Eight‐ and sixteen‐channel transceive stripline/TEM body arrays were compared at 7 T (297 MHz) both in simulation and experiment. Despite previous demonstrations of similar arrays for use in body applications, a quantitative comparison of the two configurations has not been undertaken to date. Results were obtained on a male pelvis for assessing transmit, signal to noise ratio, and parallel imaging performance and to evaluate local power deposition versus transmit B1 (B1+). All measurements and simulations were conducted after performing local B1+ phase shimming in the region of the prostate.

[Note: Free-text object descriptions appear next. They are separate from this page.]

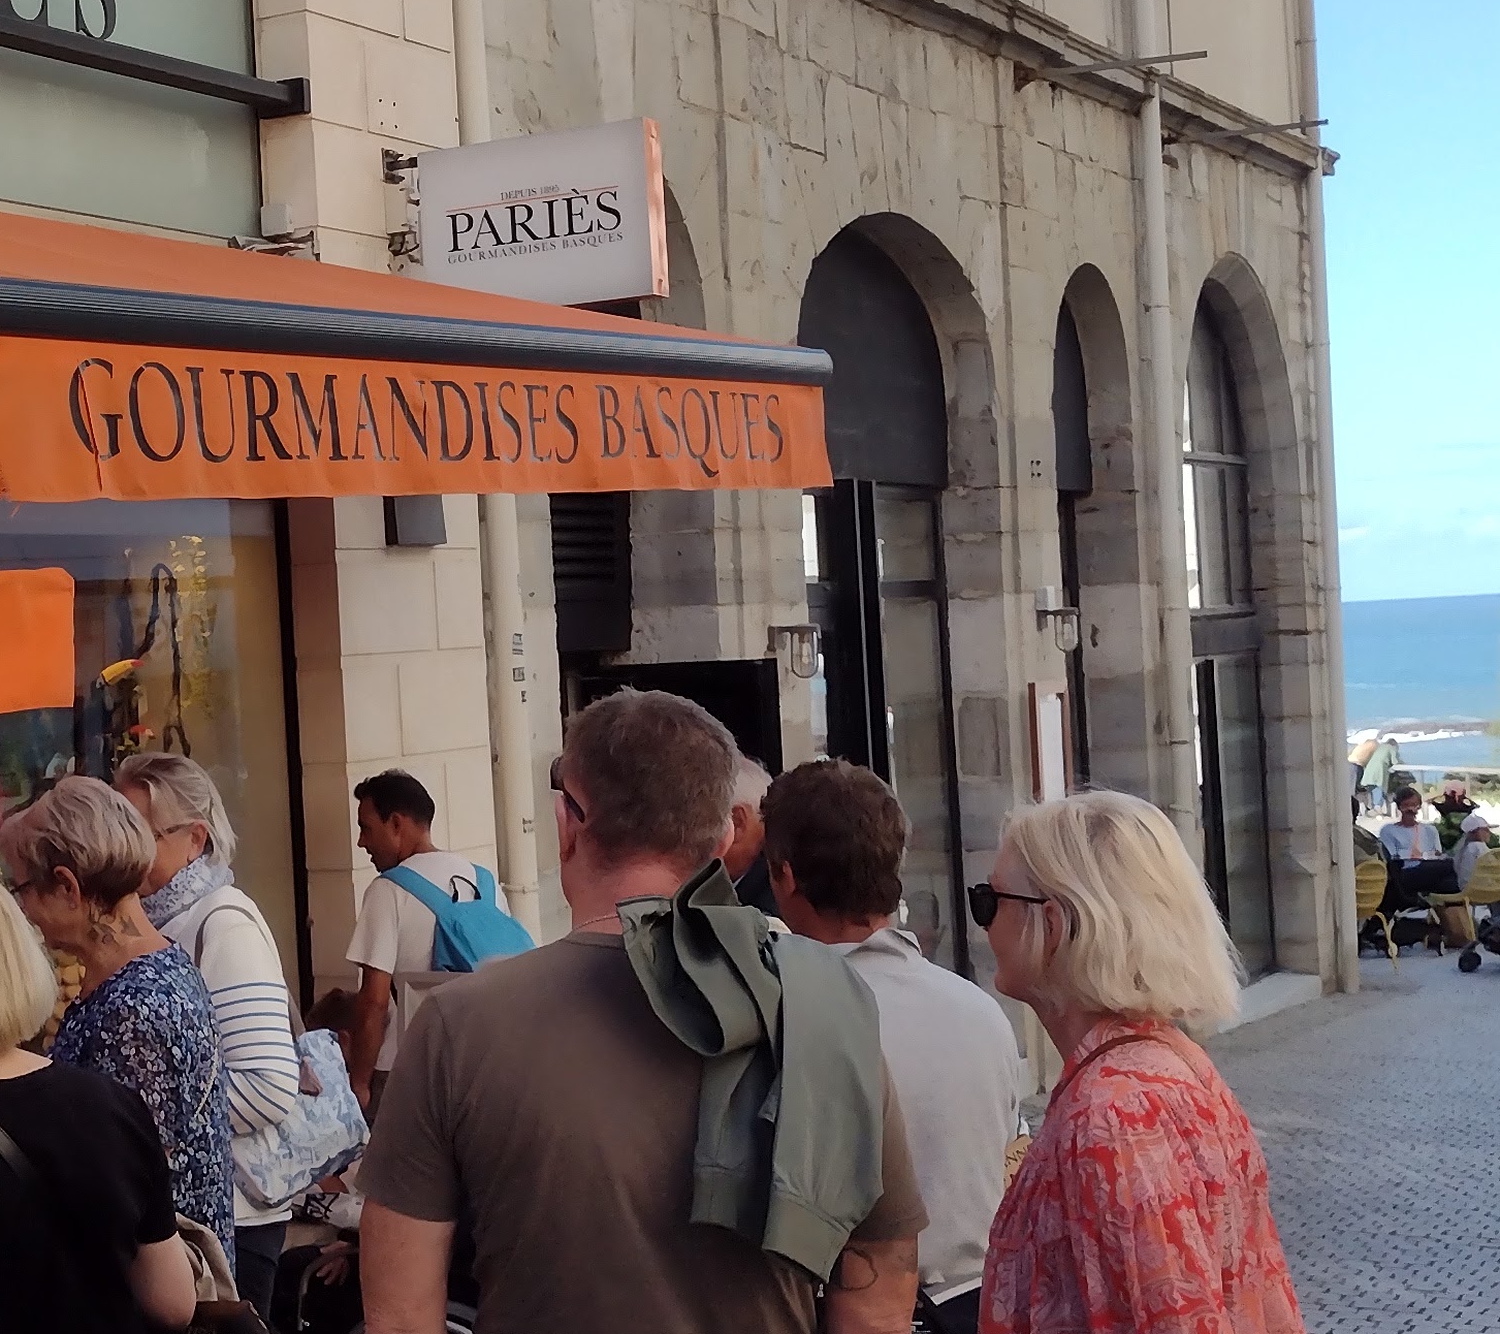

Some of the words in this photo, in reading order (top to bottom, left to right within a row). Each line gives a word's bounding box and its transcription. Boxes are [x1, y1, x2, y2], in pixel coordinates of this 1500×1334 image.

[500, 187, 538, 201] DEPUIS
[445, 188, 622, 253] PARIÈS
[447, 240, 557, 265] GOURMANDISES
[562, 231, 624, 250] BASQUES
[68, 357, 579, 465] GOURMANDISES
[594, 383, 785, 479] BASQUES
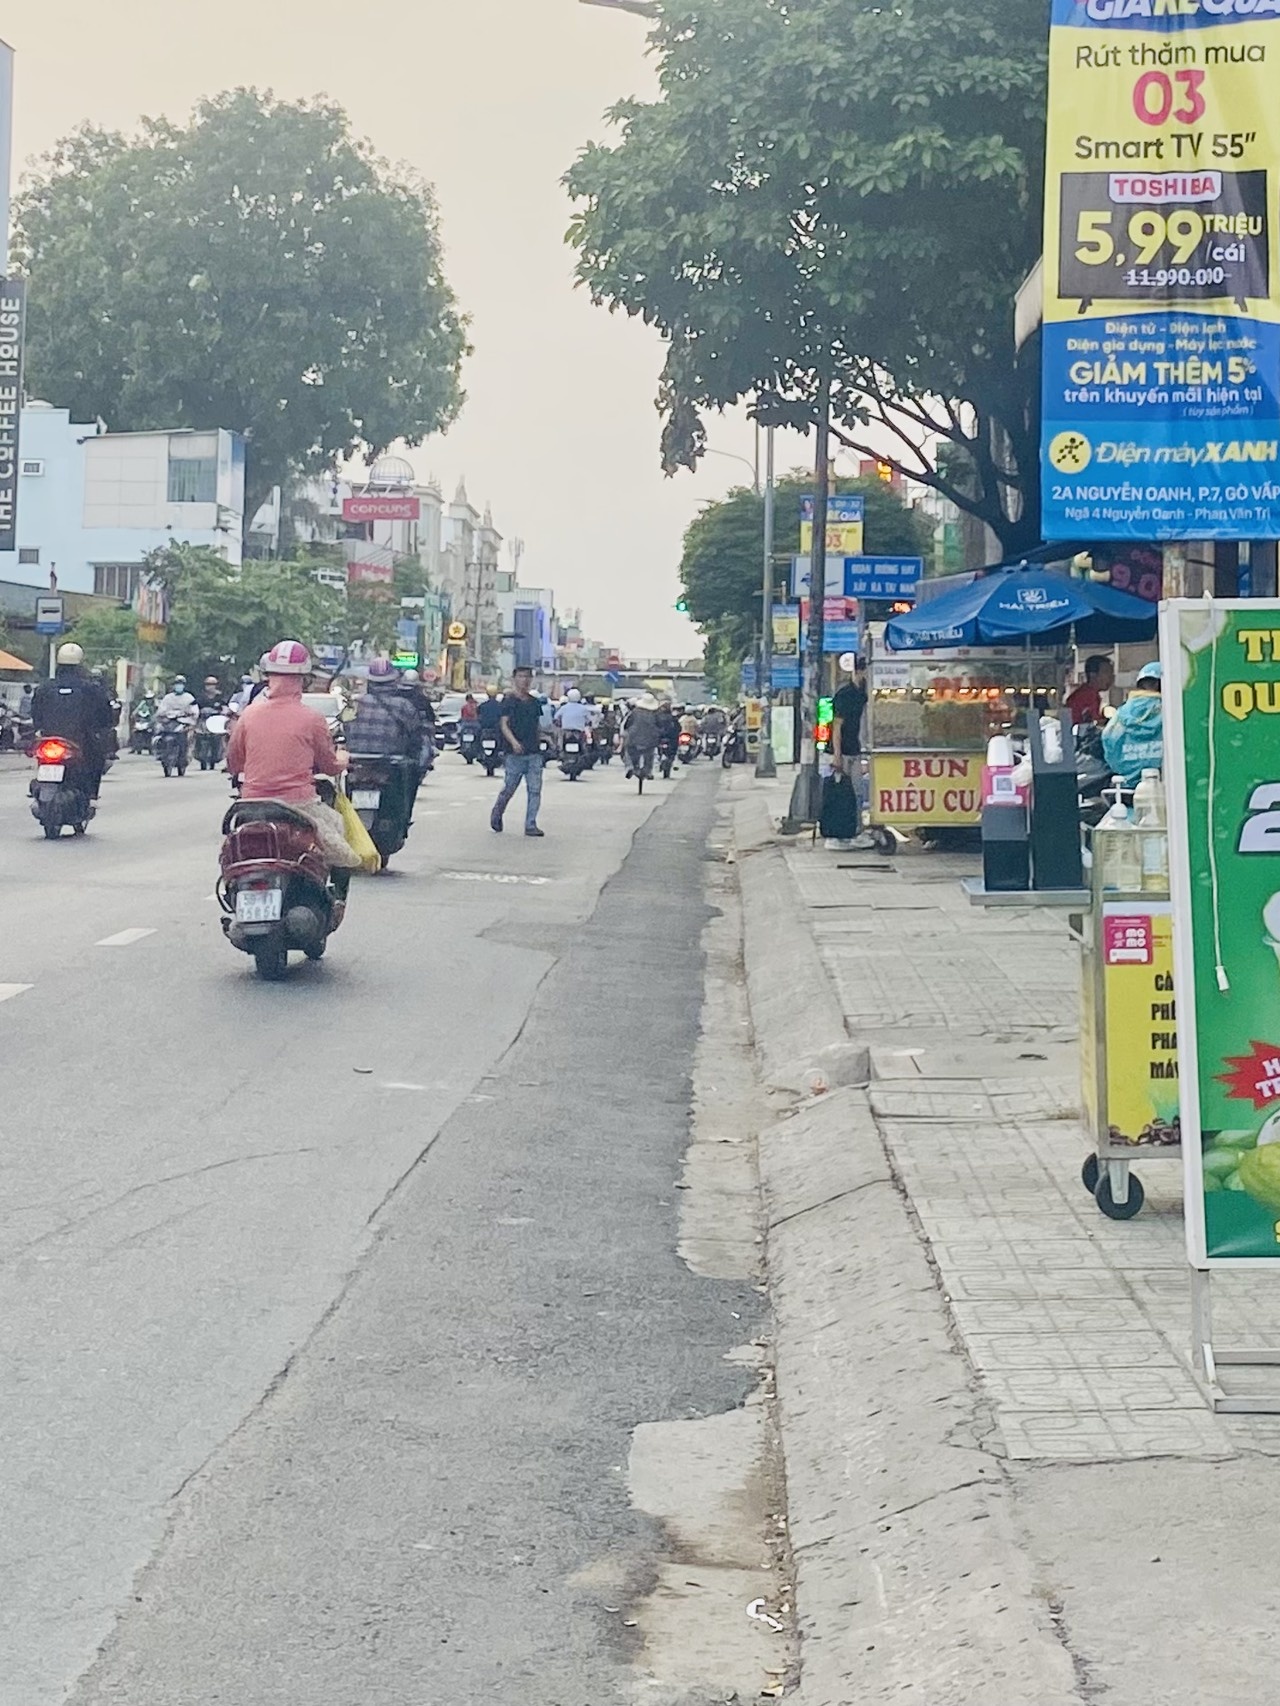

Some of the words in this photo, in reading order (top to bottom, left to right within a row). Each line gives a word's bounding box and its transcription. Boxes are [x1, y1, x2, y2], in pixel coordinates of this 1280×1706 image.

[1076, 45, 1121, 68] Rút
[1128, 41, 1196, 66] thăm
[1203, 44, 1266, 64] mua
[1132, 69, 1206, 126] 03
[1075, 135, 1164, 160] Smart
[1171, 133, 1203, 157] TV
[1114, 177, 1216, 197] TOSHIBA
[1074, 210, 1204, 267] 5,99
[1203, 212, 1263, 242] TRIỆU
[2, 297, 20, 376] HOUSE
[1102, 340, 1125, 354] gia
[1128, 338, 1166, 355] dụng
[1069, 354, 1147, 386] GIẢM
[1152, 354, 1223, 386] THÊM
[1227, 356, 1257, 384] 5%
[1064, 387, 1100, 403] trên
[1104, 386, 1169, 406] khuyến
[1172, 386, 1202, 403] mãi
[1206, 386, 1240, 406] hiện
[1243, 386, 1262, 405] tại
[0, 386, 17, 479] COFFEE
[1096, 440, 1150, 468] Điện
[1153, 442, 1203, 467] máy
[1204, 440, 1278, 463] XANH
[1052, 485, 1073, 500] 2A
[1076, 481, 1143, 501] NGUYỄN
[1146, 486, 1195, 502] OANH,
[1199, 486, 1223, 503] P.7,
[1226, 483, 1249, 499] GÒ
[1153, 508, 1185, 520] Oanh
[903, 753, 970, 778] BÚN
[880, 782, 936, 813] RIÊU
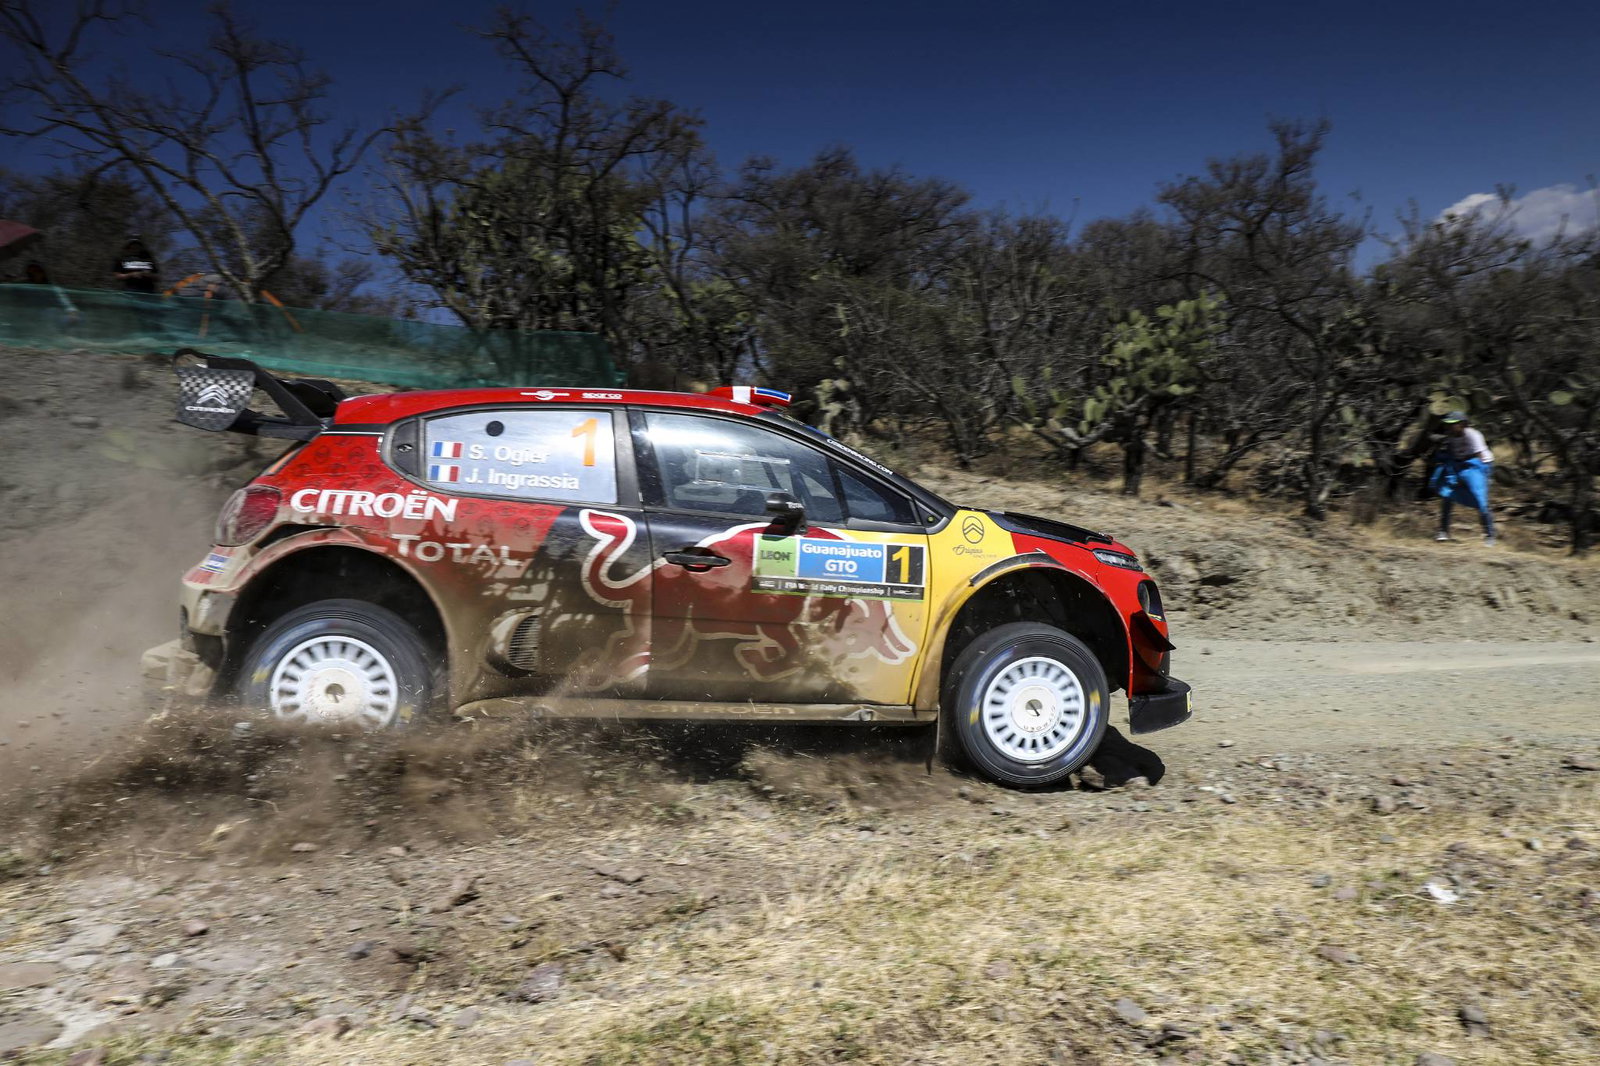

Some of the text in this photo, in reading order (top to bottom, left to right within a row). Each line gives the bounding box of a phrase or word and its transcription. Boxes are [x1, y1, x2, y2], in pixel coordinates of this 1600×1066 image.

Despite the additional challenges of decoupling immediately adjacent coils, the sixteen‐channel array demonstrated improved or nearly equivalent performance to the eight‐channel array based on the evaluation criteria. Experimentally, transmit performance and signal to noise ratio were 22% higher for the sixteen‐channel array while significantly increased reduction factors were achievable in the left–right direction for parallel imaging. Finite difference time domain simulations demonstrated similar results with respect to transmit and parallel imaging performance, however, a higher transmit efficiency advantage of 33% was predicted. Simulations at both 3 and 7 T verified the expected parallel imaging improvements with increasing field strength and showed that, for a specific B1+ shimming strategy used, the sixteen‐channel array exhibited lower local and global specific absorption rate for a given B1+. Magn Reson Med, 2011. © 2011 Wiley Periodicals, Inc.